This data point makes me want to buy stocks: Pro
I am not going to sugarcoat this: The durable goods number that was released Monday morning was terrible.
We expected to see orders for U.S. durable goods drop 4 percent, but they actually declined by 7.3 percent. A number this bad begs us to ask: Can the U.S. ever pull back on QE?
The reaction in the S&P e-mini indicated a belief that it won't happen anytime soon. Once that durable goods number was released, we saw the Dow erase all its early losses, and trade higher.
(Read more: The hidden reason why the Fed will taper: Pro)
Why would that happen after such a bad number? Because market participants believe that this indicates that there will be no tapering in September, and QE will continue. And I am beginning to believe that they are right.
After all, housing looks bad, and employment is not at the target that was set. And even though there have been some positives in the economy, we are still projected to grow by only 2 percent.
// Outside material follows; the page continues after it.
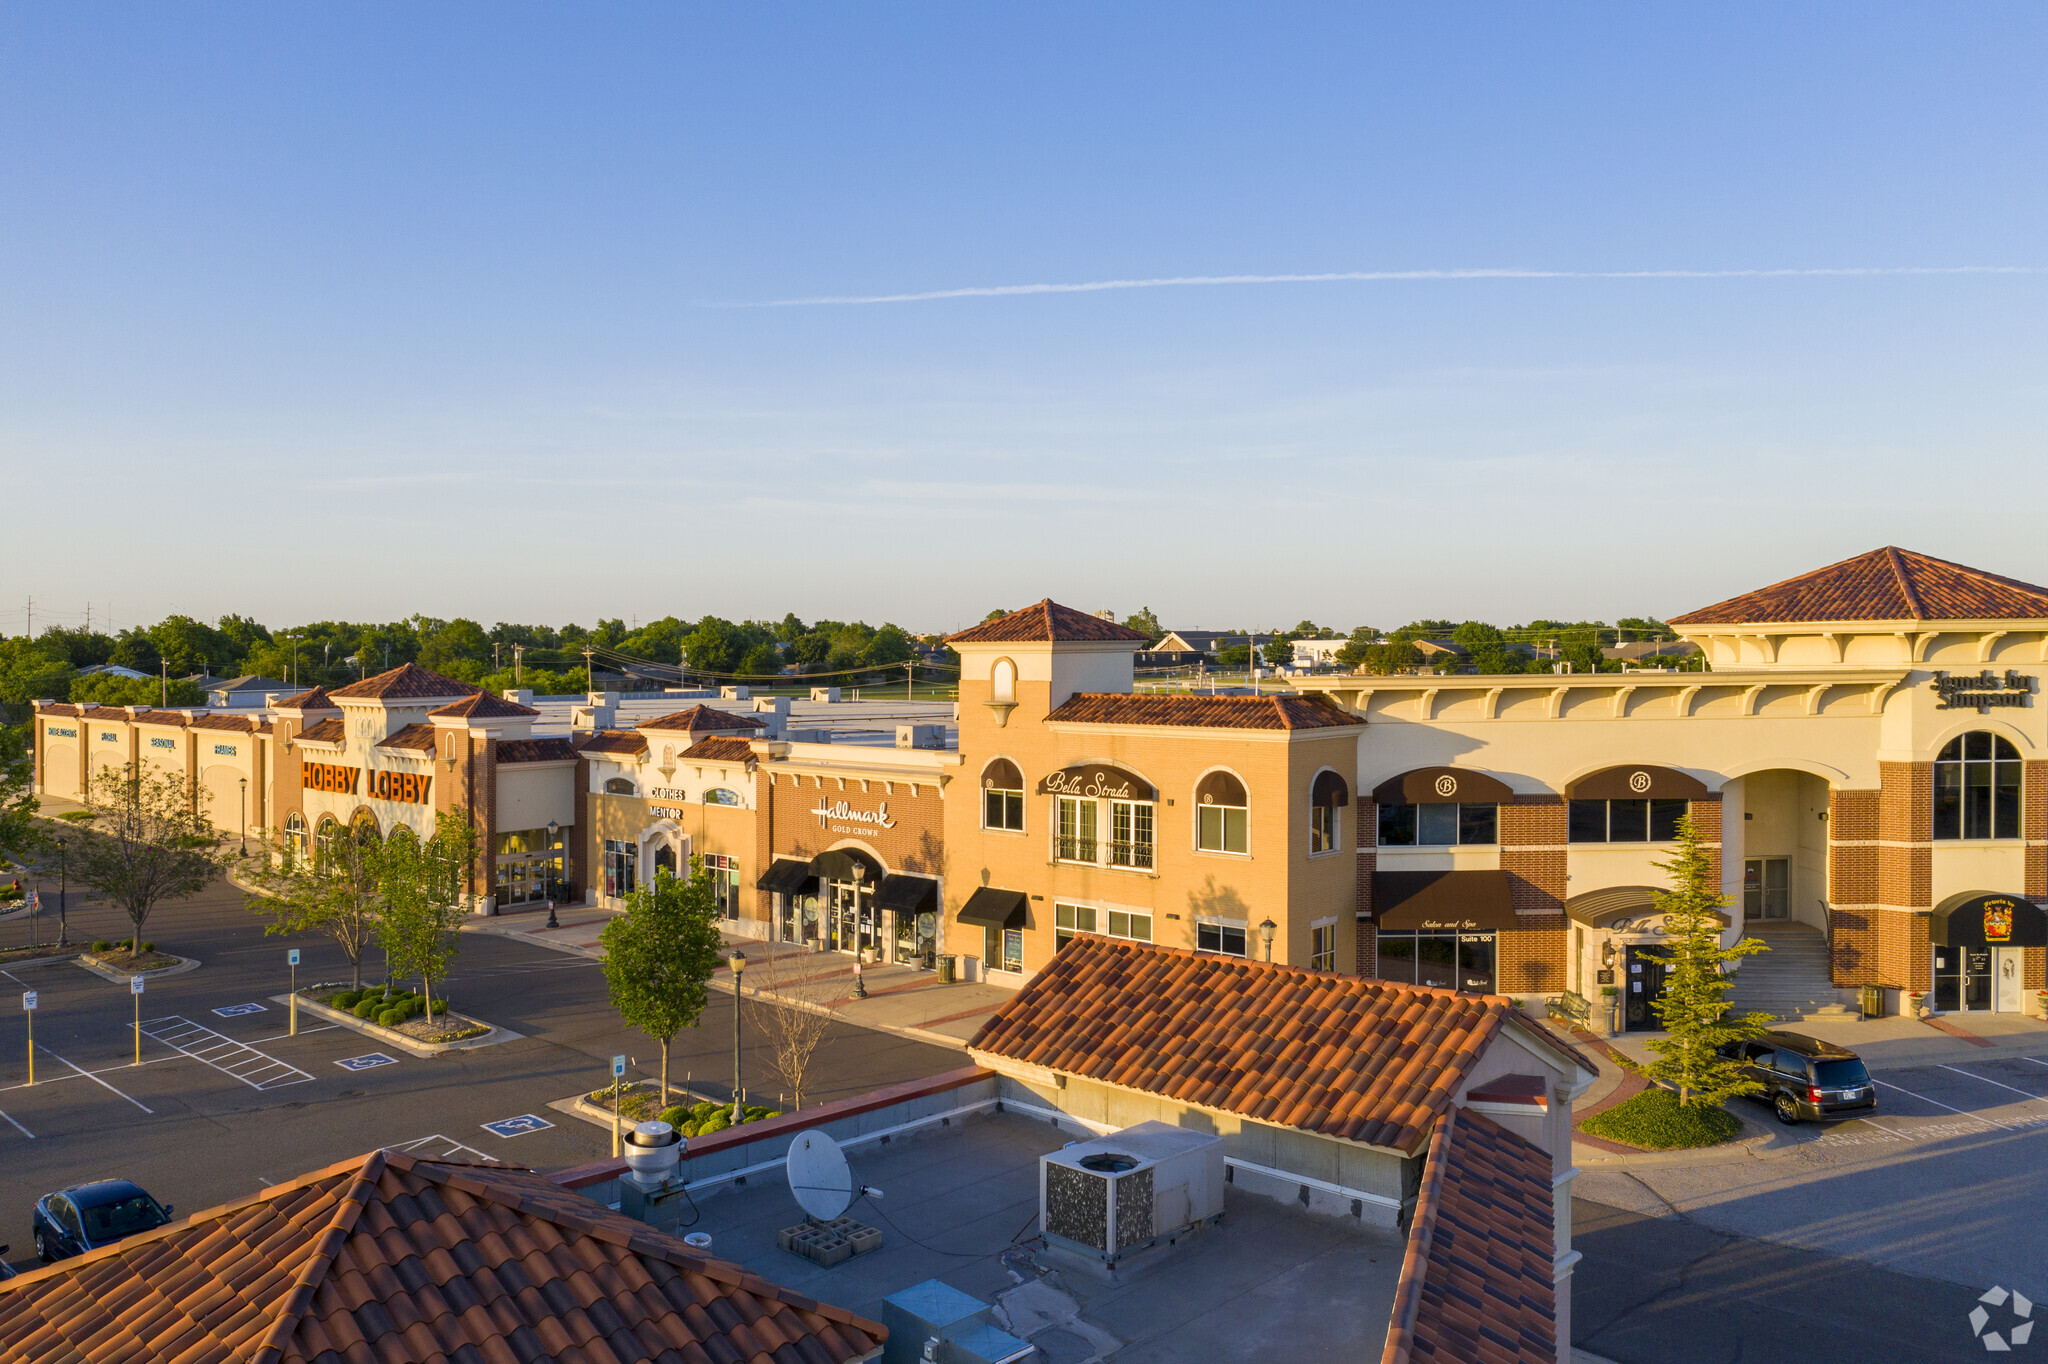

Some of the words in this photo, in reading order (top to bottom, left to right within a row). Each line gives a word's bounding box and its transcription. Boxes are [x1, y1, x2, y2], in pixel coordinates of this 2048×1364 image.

So what does it all mean for the market?
There is support in the e-mini at 1,658 and then 1,646. If we get down to 1,658, then I am a buyer. The next resistance level of any significance is 1,677, and after that, it's 1,690.
(Read more: US we have a problem, and its name is durable goods)
There are many theories about why the economy is stalling or not growing as fast as we would like. My theory is that new regulations from Obamacare, Dodd-Frank and the EPA are halting business investment.
But no matter what it is, one thing is clear: If we have a few more bad numbers like Monday's, the Fed will keep easing for the foreseeable future.